Kurdistan oil production by Norway’s DNO resurges

The Norwegian DNO oil company on Tuesday announced it increased local sales.
DNO Logo (PHOTO: company website)
DNO Logo (PHOTO: company website)

ERBIL (Kurdistan24) – The Norwegian oil company DNO on Tuesday said it had increased the production from its licensed Tawke field in the Kurdistan Region, with its current December average approaching 90,000 barrels of oil per day (bopd), according to a press release by the company.

“That lifts the projected fourth quarter 2023 figure to 65,000 bopd [barrels of oil per day], up from 26,000 bopd in the third quarter and zero production in the second quarter, following closure of the Iraq-Türkiye [Turkey] Pipeline in March 2023,” DNO said.

Oil companies have attempted to reduce costs and losses by selling oil on the local market, after Baghdad ordered the closure of the Kurdistan Region’s oil pipeline  on March 25.  Baghdad had claimed victory in an arbitration court case against Turkey for allowing Kurdistan Region's oil to be independently marketed outside Iraq.

To compensate, DNO had shifted oil production to storage tanks following the court ruling.

Read More: Norwegian oil company resumes oil production in Kurdistan Region

Prior to the halt, the oil company was producing more than 107,000 bopd in 2022, according to company figures. 

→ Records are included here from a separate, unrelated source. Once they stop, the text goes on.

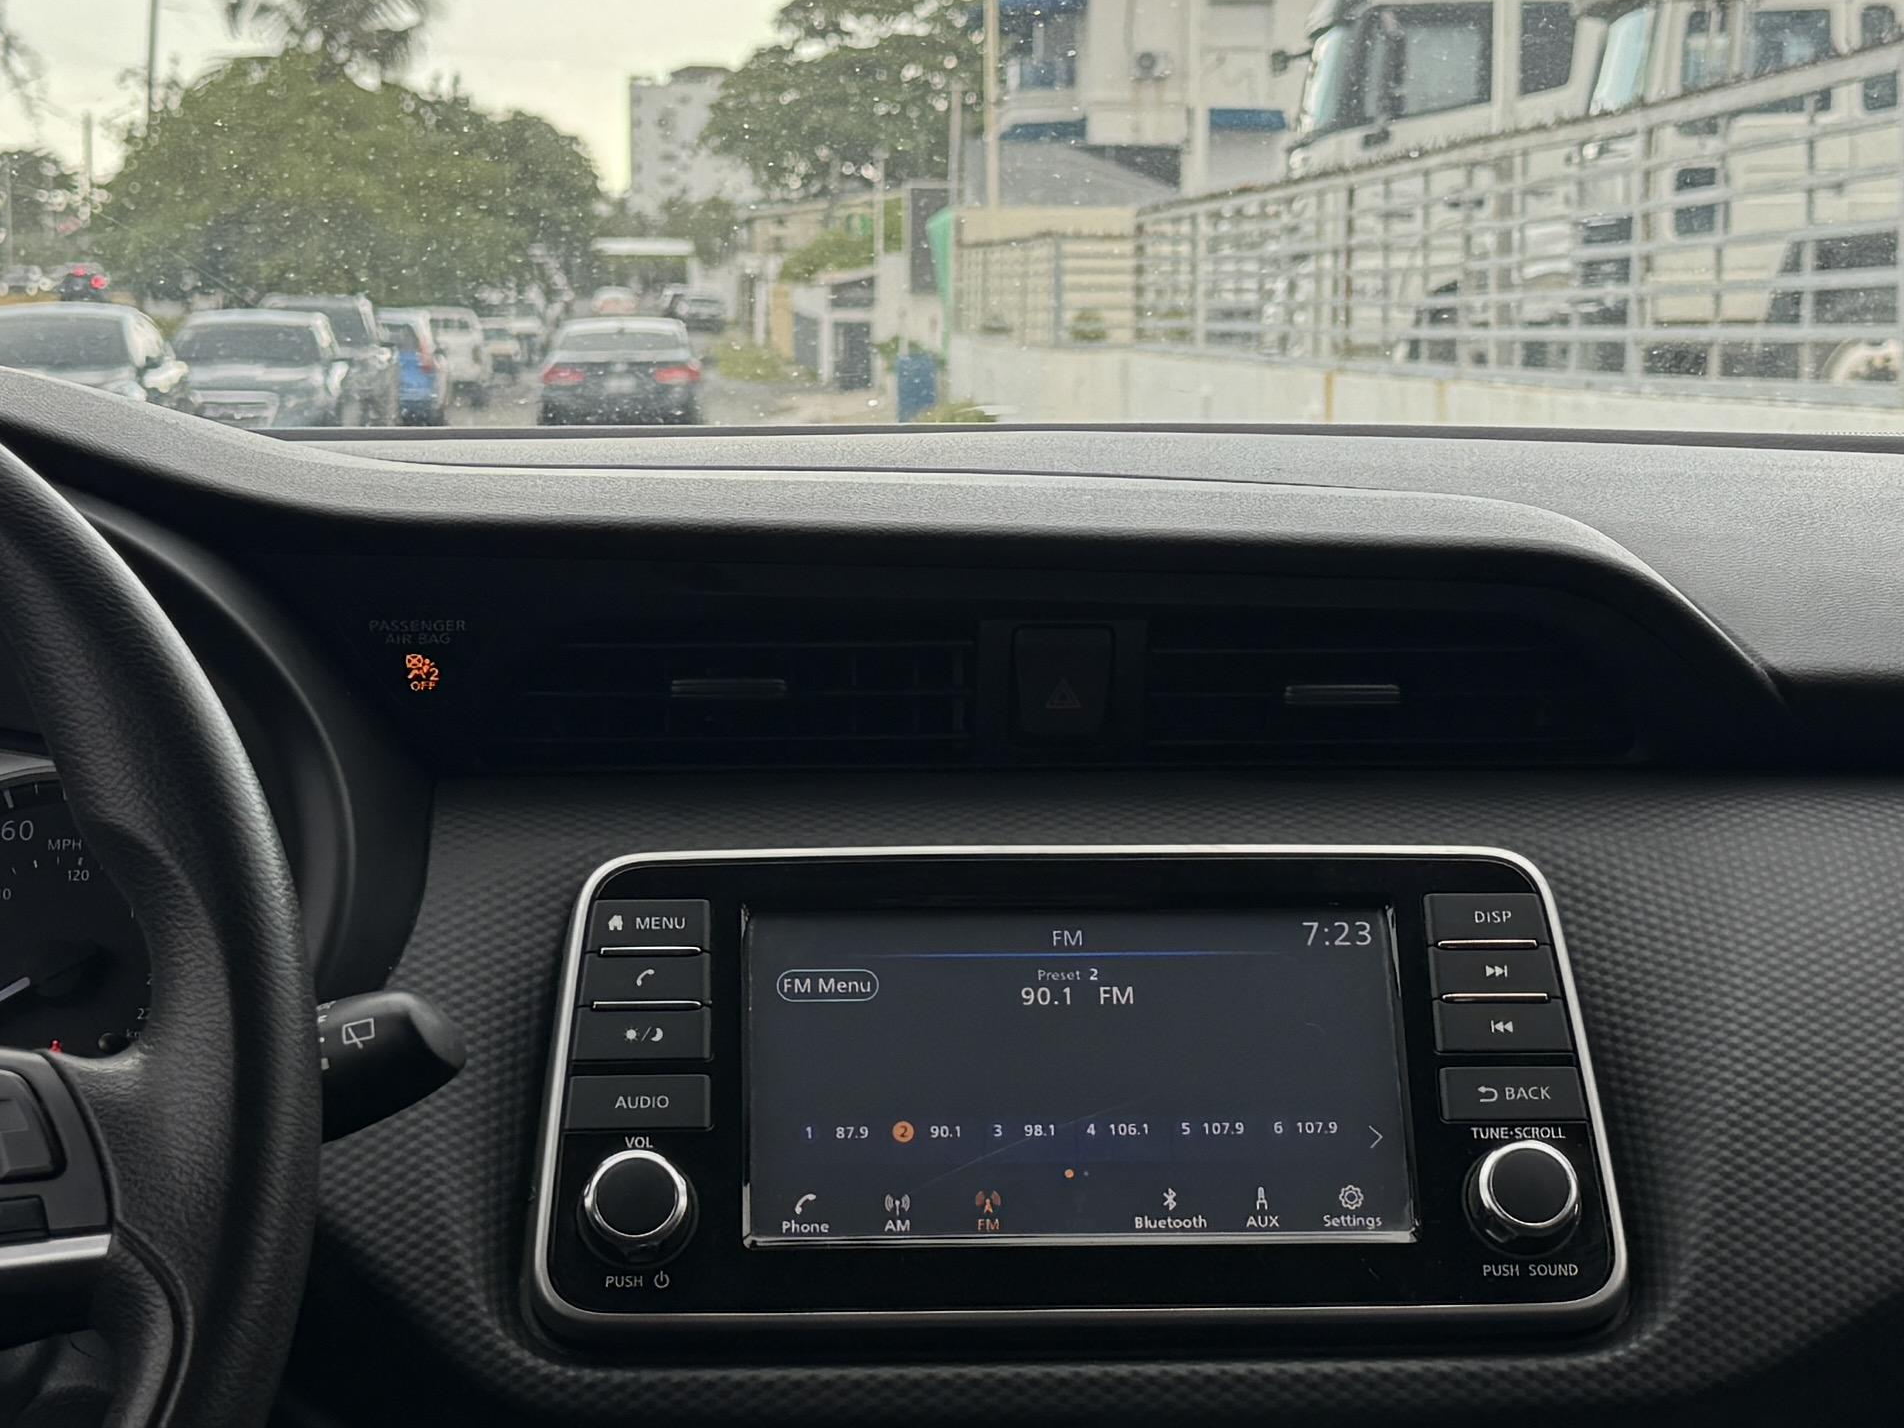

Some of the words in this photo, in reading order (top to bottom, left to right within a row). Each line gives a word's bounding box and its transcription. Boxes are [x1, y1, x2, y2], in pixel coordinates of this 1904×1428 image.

[368, 619, 467, 632] PASSENGER
[385, 633, 412, 645] AIR
[418, 633, 451, 645] BAG
[410, 681, 436, 692] OFF
[0, 820, 34, 841] 60
[47, 838, 83, 851] MPH
[67, 870, 90, 882] 120
[635, 916, 686, 930] MENU
[1474, 910, 1512, 923] DISP
[1052, 930, 1083, 946] FM
[1302, 922, 1372, 946] 7:23
[1038, 969, 1081, 981] Preset
[1089, 968, 1099, 980] 2
[783, 979, 812, 993] FM
[818, 978, 872, 994] Menu
[1021, 986, 1072, 1005] 90.1
[1099, 986, 1135, 1005] FM
[1505, 1086, 1551, 1101] BACK
[614, 1095, 670, 1109] AUDIO
[805, 1126, 814, 1140] 1
[836, 1126, 869, 1140] 87.9
[897, 1125, 909, 1139] 2
[930, 1125, 962, 1139] 90.1
[993, 1124, 1003, 1137] 3
[1024, 1124, 1056, 1138] 98.1
[1086, 1123, 1096, 1137] 4
[1109, 1122, 1150, 1136] 106.1
[1181, 1122, 1191, 1136] 5
[1203, 1122, 1245, 1136] 107.9
[1274, 1121, 1284, 1135] 6
[1296, 1121, 1339, 1135] 107.9
[625, 1136, 655, 1149] VOL
[782, 1220, 830, 1234] Phone
[884, 1219, 911, 1233] AM
[977, 1218, 1000, 1232] FM
[1134, 1215, 1208, 1230] Bluetooth
[1246, 1215, 1280, 1229] AUX
[1323, 1214, 1383, 1230] Settings
[1482, 1263, 1520, 1277] PUSH
[1528, 1263, 1579, 1278] SOUND
[605, 1275, 644, 1288] PUSH

“These are resilient fields and DNO is a resilient company,” said DNO Executive Chairman Bijan Mossavar-Rahmani. “Even with local sales prices as low as half of those realized from export sales through Türkiye, strong production generates material free cash flow for DNO,” he continued.

He also added that DNO remains confident that the “latest challenges facing DNO and the other international oil companies will be resolved once again and we remain committed to growing our business in Kurdistan as we have over the past two decades.”

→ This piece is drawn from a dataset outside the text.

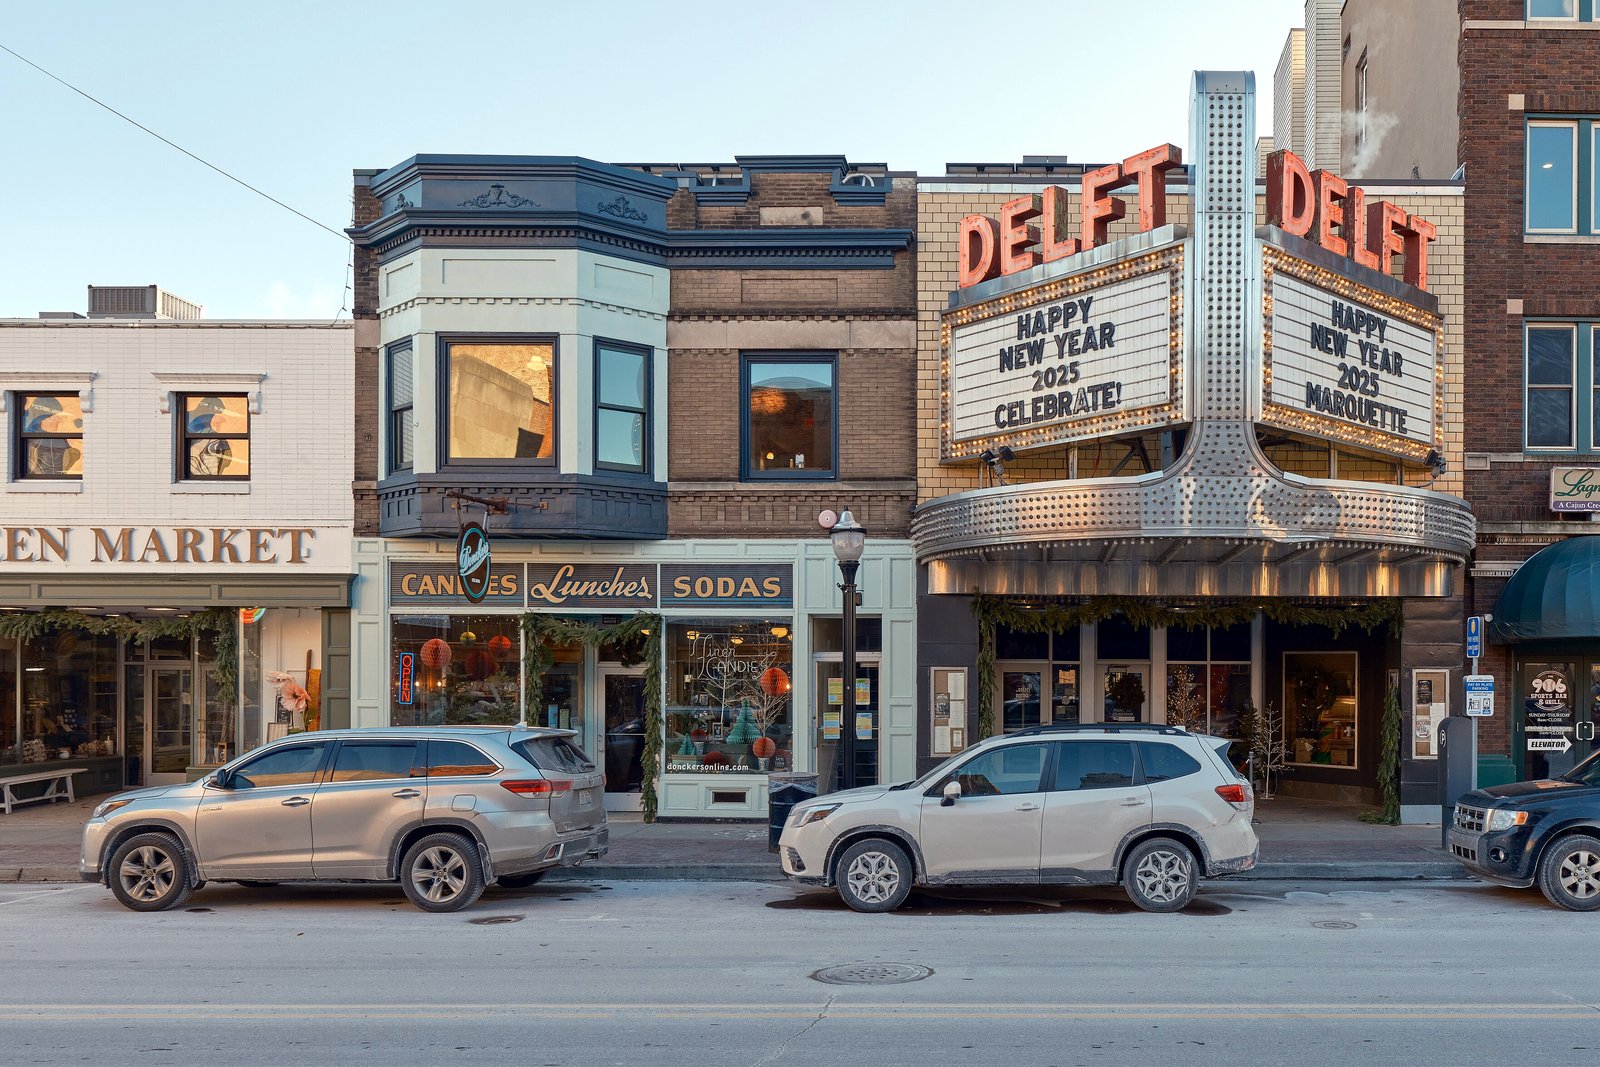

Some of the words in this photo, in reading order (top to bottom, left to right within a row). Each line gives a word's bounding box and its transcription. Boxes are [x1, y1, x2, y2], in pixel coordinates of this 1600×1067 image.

The Norwegian DNO company operates several oil fields in the Kurdistan Region, such as the Tawke field and the Peshkhabour field near the Syrian border.

The Norwegian company is also part of the Association of the Petroleum Industry of Kurdistan (APIKUR), among seven other companies, which was founded in 2023 by upstream oil and gas companies active in the Kurdistan Region with the goal of promoting it as an attractive destination for petroleum investment.

Earlier on Dec. 10, APIKUR executives attended a trilateral meeting with Kurdish and Iraqi oil officials, yet no breakthrough agreement was reached on the resumption of Kurdish oil exports through the Ceyhan Pipeline.